Referring expression grounding data:
----

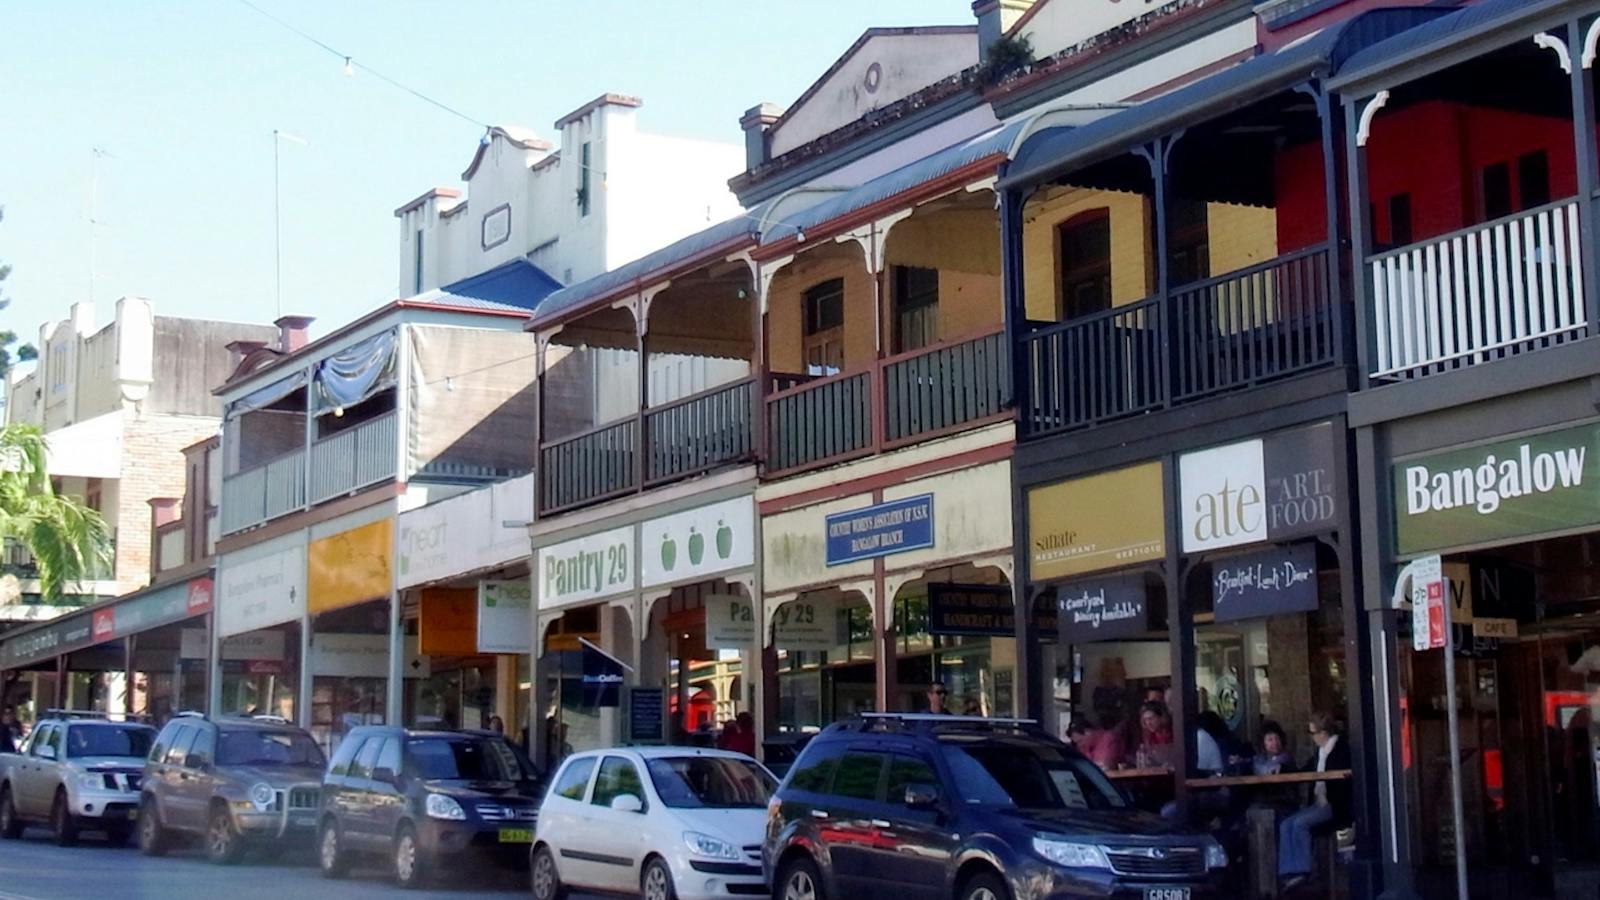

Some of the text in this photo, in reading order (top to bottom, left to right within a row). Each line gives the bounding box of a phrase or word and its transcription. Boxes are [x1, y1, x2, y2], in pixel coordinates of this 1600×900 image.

[1279, 468, 1325, 502] ART
[1406, 444, 1586, 515] Bangalow
[1194, 476, 1263, 541] ate
[1271, 495, 1335, 529] FOOD
[1035, 543, 1097, 560] RESTAURANT
[545, 549, 605, 600] Pantry
[608, 543, 628, 586] 29
[795, 603, 815, 624] 29

----

Task requirements
Return every record exactly. Pictures stay out.

Answer for this exercise
Some of the text in this photo, in reading order (top to bottom, left to right within a row). Each line gives the bounding box of a phrase or word and its transcription. Boxes are [x1, y1, x2, y2], in pixel coordinates of this 1600×900 image.

[1279, 468, 1325, 502] ART
[1406, 444, 1586, 515] Bangalow
[1194, 476, 1263, 541] ate
[1271, 495, 1335, 529] FOOD
[1035, 543, 1097, 560] RESTAURANT
[545, 549, 605, 600] Pantry
[608, 543, 628, 586] 29
[795, 603, 815, 624] 29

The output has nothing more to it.